For investors, there are still opportunities in China equities. The Shanghai composite has been sluggish since late 2010, underperforming like the other BRIC members. There's still attractive value and growth potential even with the doomsday headlines about the economic miracle growth of China coming to a stop. The Shanghai composite could still test the lows of 1,922 back in June by the end of the year, but I don't see the index breaking too far below to test the financial crisis lows of '08-'09. If Beijing were to announce another round of massive fiscal stimulus, expect a similar outbreak like 2009, allocate some positions based on risk tolerance for growth during a 6 month to 1 year period to capture the uptrend. Otherwise, look for valuation and growth funds with proven track records such as Value Partners High Dividend Stock and First State China Growth. Both funds invest in higher yielding equities and debt securities in Greater China. If there's a stress on the shadow banking in China, reduce allocation to both funds due to the high level of exposure to the banking industry in China. For individual plays on stocks, large cap companies with good growth and dividend over the long term are PetroChina (NYSE:PTR), China Mobile (NYSE:CHL), Tencent Holdings (0700.HK), and Baidu (NASDAQ:BIDU).

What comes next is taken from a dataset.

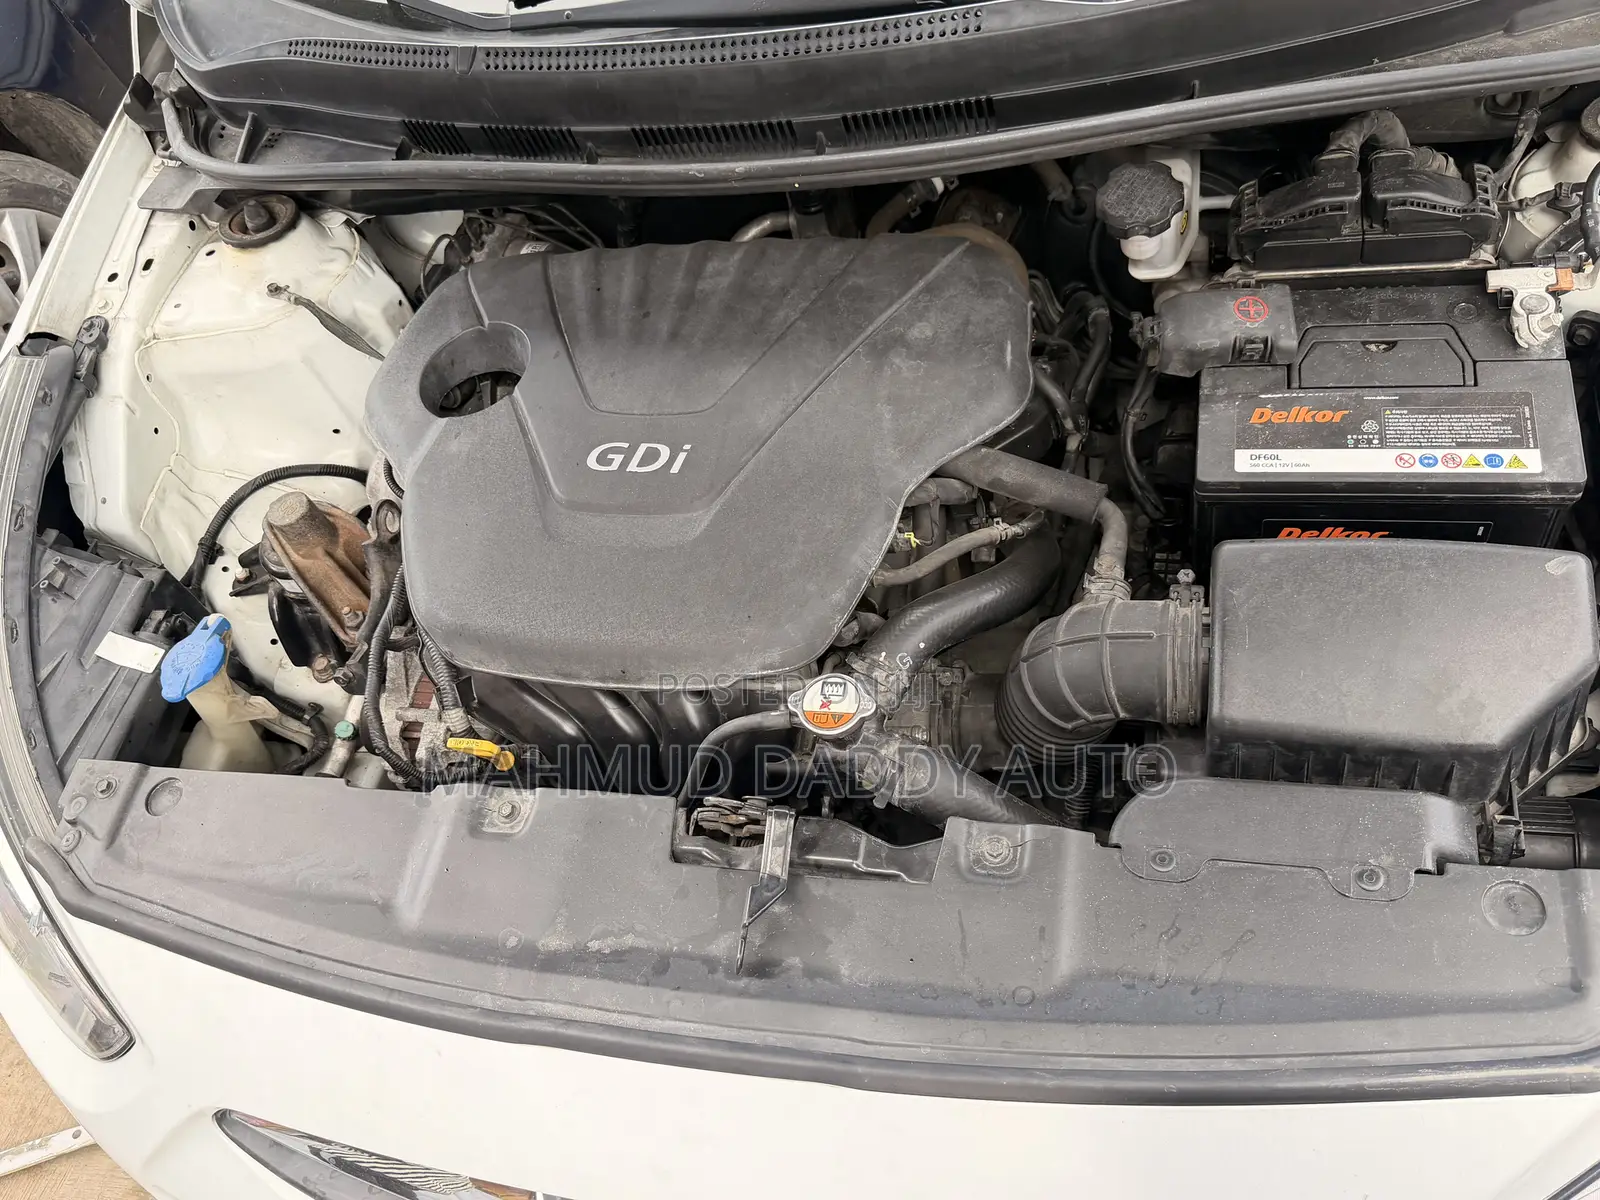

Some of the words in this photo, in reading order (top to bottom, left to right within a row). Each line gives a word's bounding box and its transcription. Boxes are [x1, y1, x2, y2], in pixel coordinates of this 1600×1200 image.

[1249, 406, 1349, 424] Delkor
[586, 442, 692, 474] GDi
[1249, 453, 1282, 461] DF60L

The other option is to look for multinational corporations with a large exposure to the domestic consumption market in China, YUM! Brands (NYSE:YUM), Starbucks (NASDAQ:SBUX), General Motors (NYSE:GM), McDonald's (NYSE:MCD), mid range clothing retailers, etc. An investment with an international brand may have less exposure to the country compared with a pure play like Tencent or PetroChina, but there will be more transparency with accounting standards and less volatility and risk. Keep an eye on another round of massive stimulus from Beijing, otherwise look to enter positions gradually toward the end of the year and beginning of next year when BRICS indexes might finally come out of their slump and start catching up to the global markets. This might be the last great buying opportunity before the aging crisis hits China and the end of cheap labor for the PRC in the second half of this decade.